The first state governments that Google will partner with include Arizona, California, Utah and Virginia, and the charge is to increase the crawlability of their respective Web sites and invisible databases for all major search engines - not just Google - via the Sitemaps.org protocol. The company also plans to educate government CTOs and CIOs on basic crawlability principles.
In effect, Google's efforts will result in the wider broadcasting of public data into the results pages of the major search engines, representing one of the biggest steps in the accessibility and distribution of pubic information since governments began making data accessible on Web sites.
J.L. Needham, manager of the Public Sector initiative, elaborated on the types of data the company is looking for: "Google is not seeking to make any specific type of information in a public government database accessible to search engine users -- we're intent on making all such information accessible.," said Needham. "So, this includes property records, court records, reports from a department of education on school performance, a health department's licensing records from medical practitioners, RFPs from a housing authority, a workforce services agency's job postings service, and on down [the] list of the dozens of governmental information services. If it's public information and not in a search engine, it's the target of Google's initiative."
Needham also pointed out that Google is only seeking data intended by the government to be truly public. He says, "Where the laws of a jurisdiction or procedures of a given agency render a particular type of information inaccessible to the public (such as California's law on driver's license data), such information falls outside the scope of this effort."
The implications are tremendous on a variety of fronts, including the potential for access to previously obscured databases, increased transparency of government data, and the provision of stiff competition from search engines to companies that profit from fee-based public data access. There is also potential for citizens to collaboratively assist the government in helping to scrub incorrect information, or remove data that is not intended to be public, such as Social Security numbers.
While it is every citizen's right to have open access to public data, the idea of having certain types of information exposed on the Web will likely make many feel a bit squeamish, especially when it is tied into common-name- and corporate-identity-related searches.
I ran a few sample queries related to some of the public records that have been made available, and found many to rank highly for proper name and corporate name queries. For one person who was a real estate broker, a search of his proper name yielded a #1 result in Google, suggesting a "consumer complaint," a "disciplinary action," and a two-month "suspension of broker license "-- all included in the snippet of text in the SERP.
There are two basic dynamics to this example search. The first is that if I happened to be researching this person in the interest of listing my house for sale, the information would be invaluable in making a decision whether or not to do business with him. Before search engines, this type of access might have taken days or weeks to access, or required a trip down to the public records building. But instead, as Needham put it, "[we would like to] ensure that citizens are just one search away from the information in public databases."

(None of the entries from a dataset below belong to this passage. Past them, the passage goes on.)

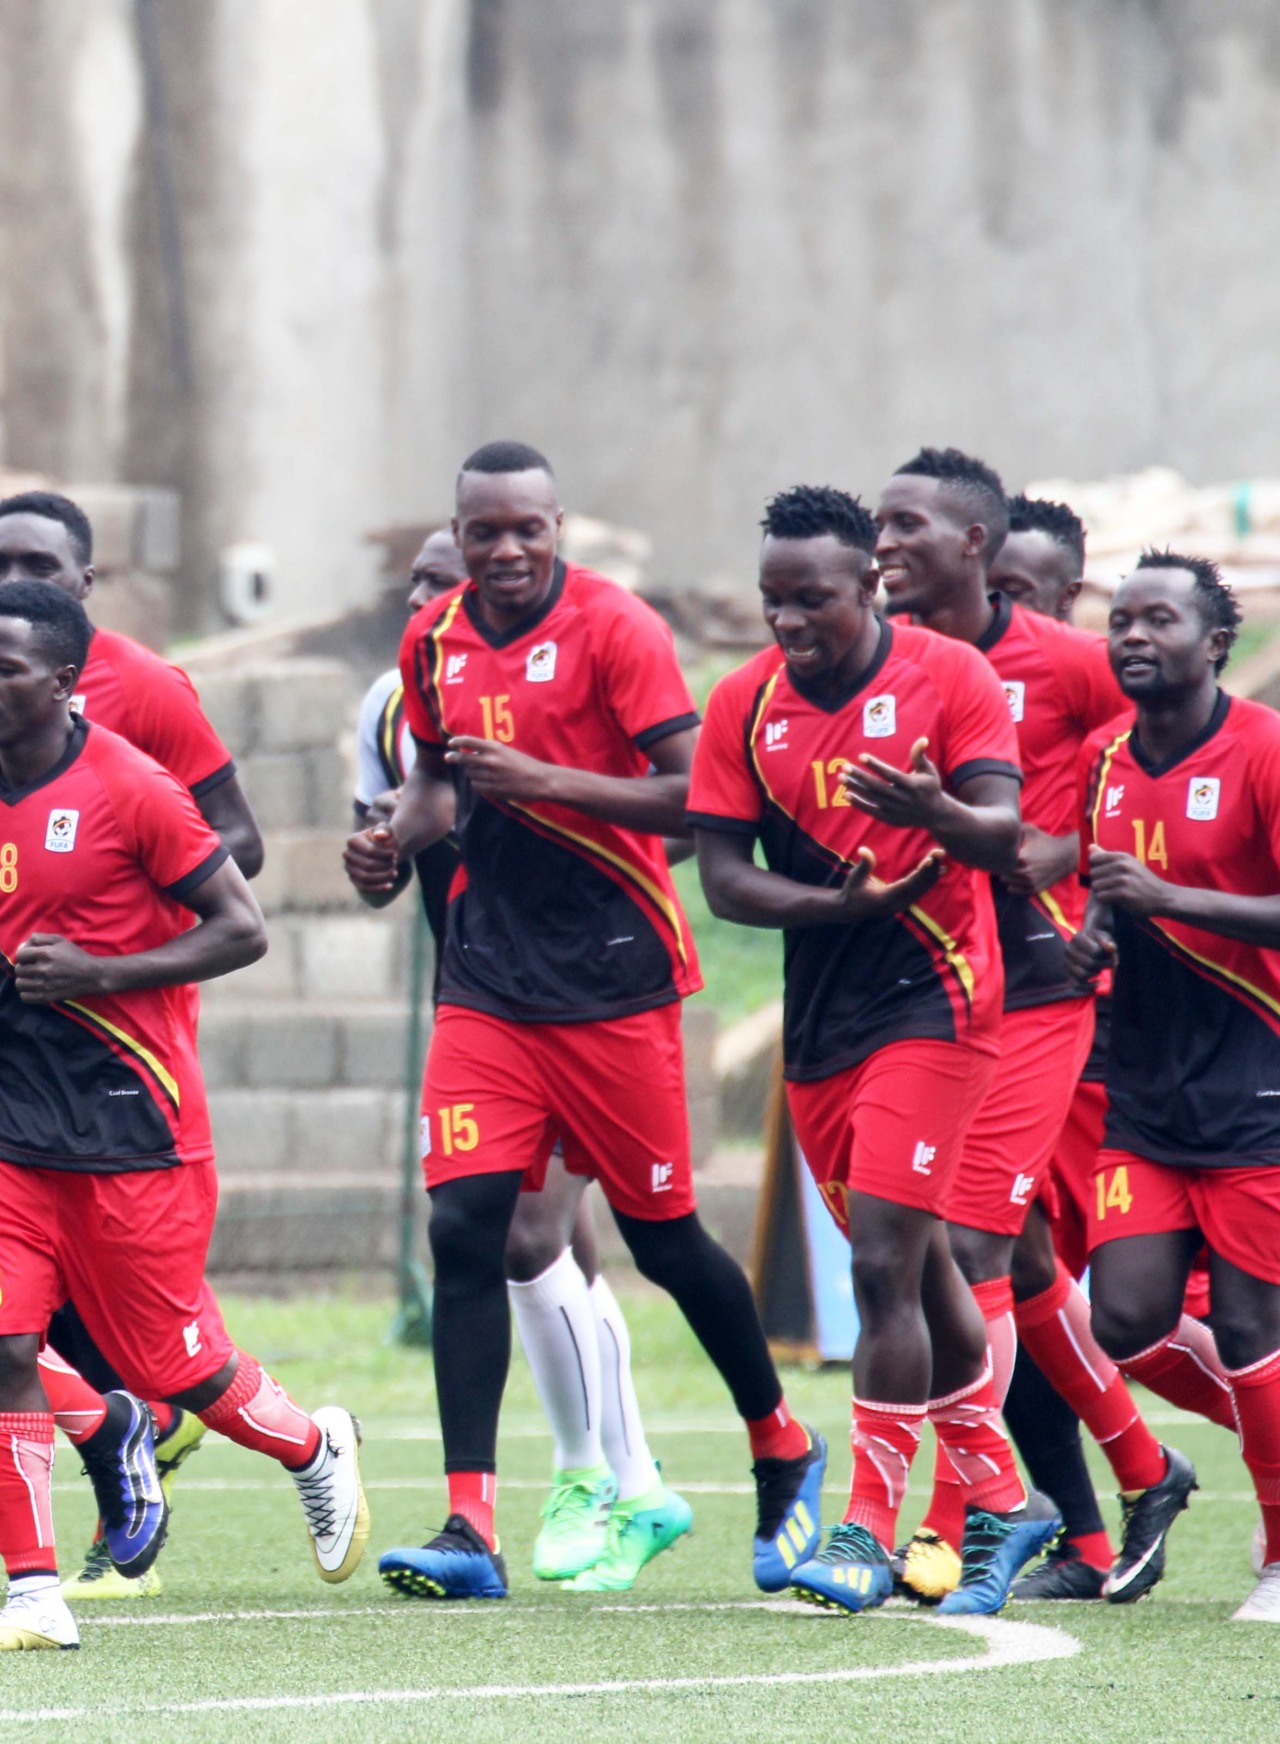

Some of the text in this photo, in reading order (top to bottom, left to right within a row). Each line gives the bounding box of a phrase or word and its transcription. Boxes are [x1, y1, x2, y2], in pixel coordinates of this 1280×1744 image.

[478, 694, 515, 743] 15
[811, 756, 851, 809] 12
[50, 841, 67, 849] FUFA
[1131, 818, 1167, 870] 14
[438, 1104, 479, 1155] 15
[1095, 1166, 1132, 1221] 14
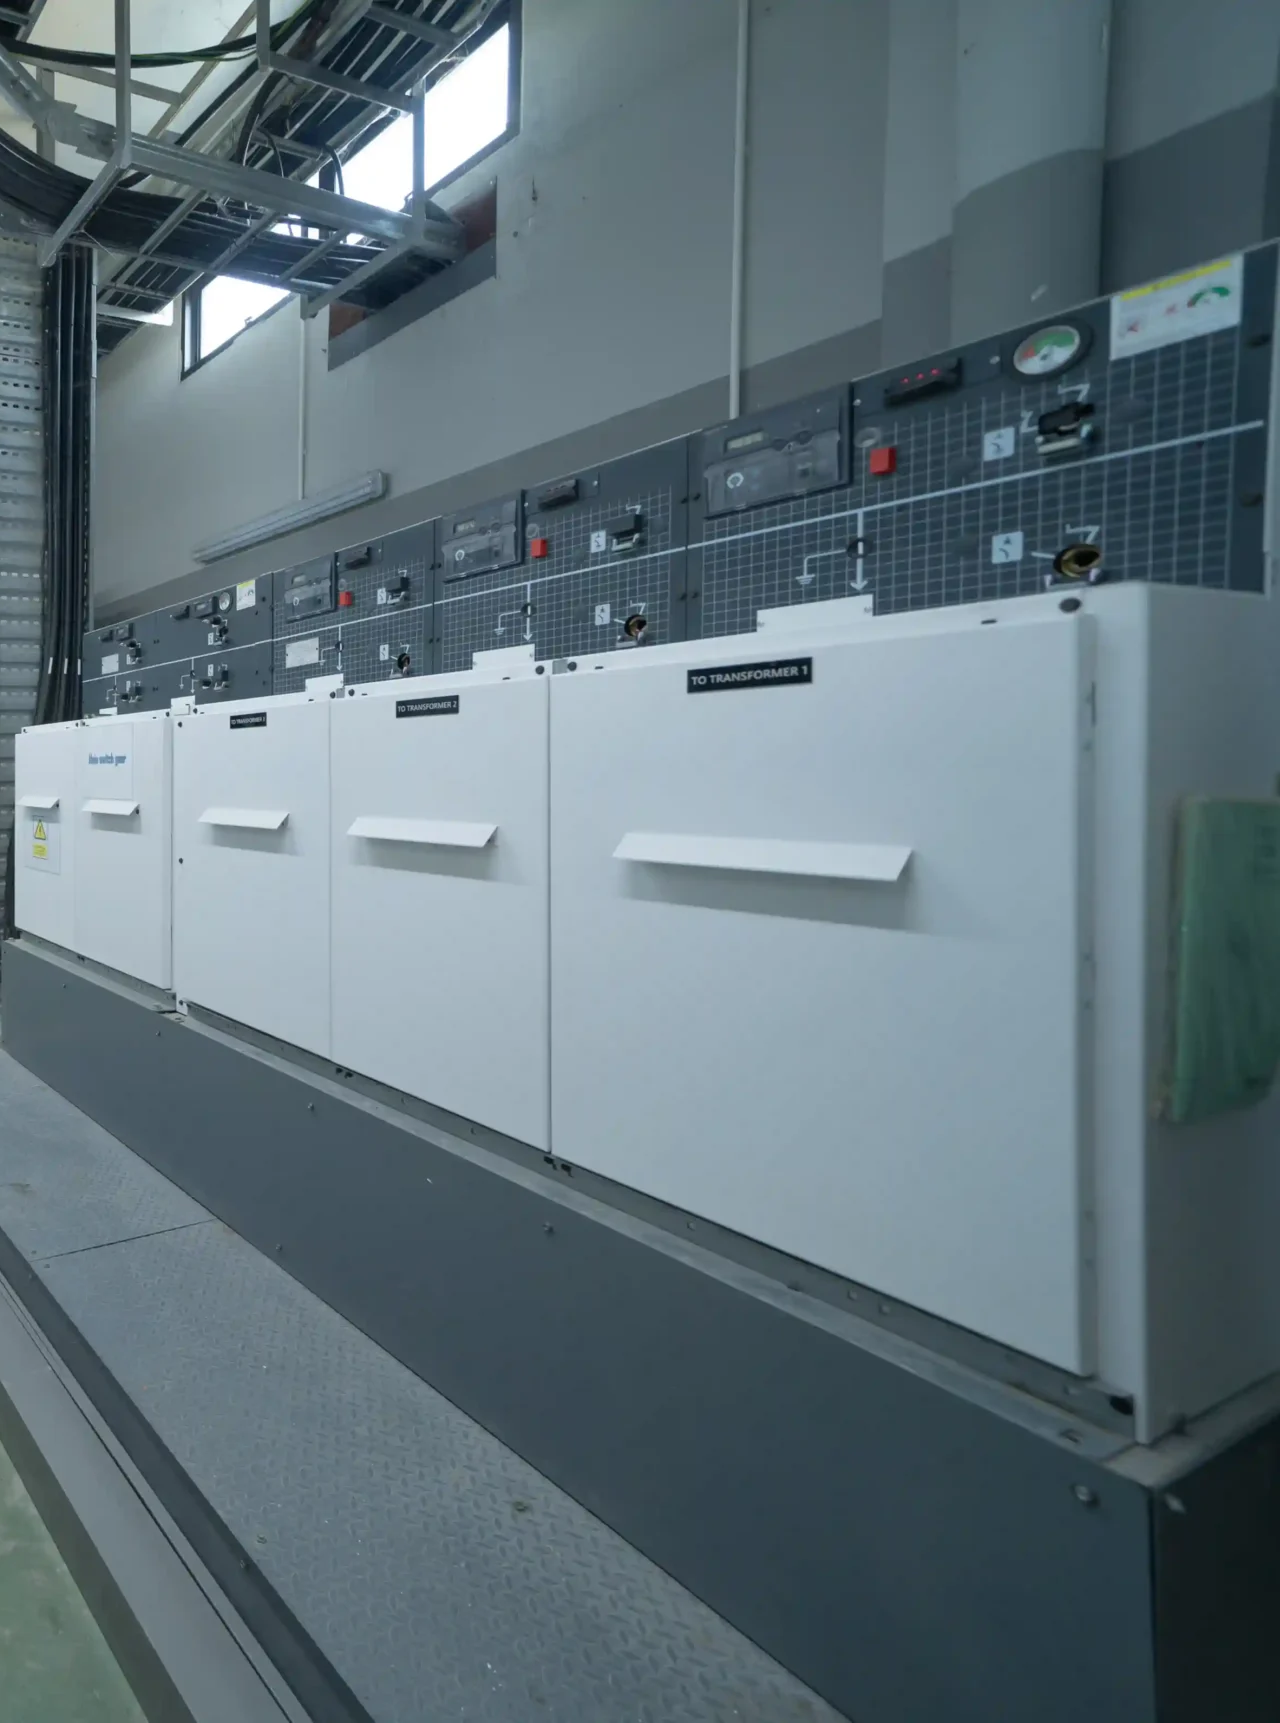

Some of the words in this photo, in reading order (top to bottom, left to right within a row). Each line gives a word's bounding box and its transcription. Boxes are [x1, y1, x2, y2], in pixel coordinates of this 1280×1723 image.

The second dynamic is of the real estate broker's perception of this results set. Upon becoming aware of his listing in the search results, he may believe that the sum of his identity, as inferred by a #1 ranking in Google, is unfair and not representative of his life and work. As this result is now a threat to his livelihood, he has a strong motivation to have this listing removed, or at least pushed down. The same might go for anyone else who did not like the perception of the way the results are stacked against their name, whether it is perceived to be a privacy violation, incorrect data or confusion of identity.
If the idea of Google and other search engines making this data easier to access seems outrageous, stop and take a deep breath, and remember: it's all public data. Open accessibility to public data is what the U.S. Government fully intended at its conception, partially in order to maintain the honesty and integrity of those who govern.
A generation ago, the main forms of accessing government documents were either via snail mail, phone, or a trip down to your local, state or federal archives - the latter more than average citizens could afford to exercise their rights. As Needham also said, "We should expect all information made public by our government to be truly public, which means accessiblity through search engines."
Google's goals and scope of the initiative are clear, and there's no question that the SERPs are about to be silently shaken up a bit. And it's going to be a wild ride for reputation management, accountability, open accessibility and search engine marketers alike.
Correction: Monday's Search Insider cited eBay's Google Search ad spend as $26 million monthly (prior to pulling out of Google Search advertising). The correct amount was roughly $25 million, quarterly.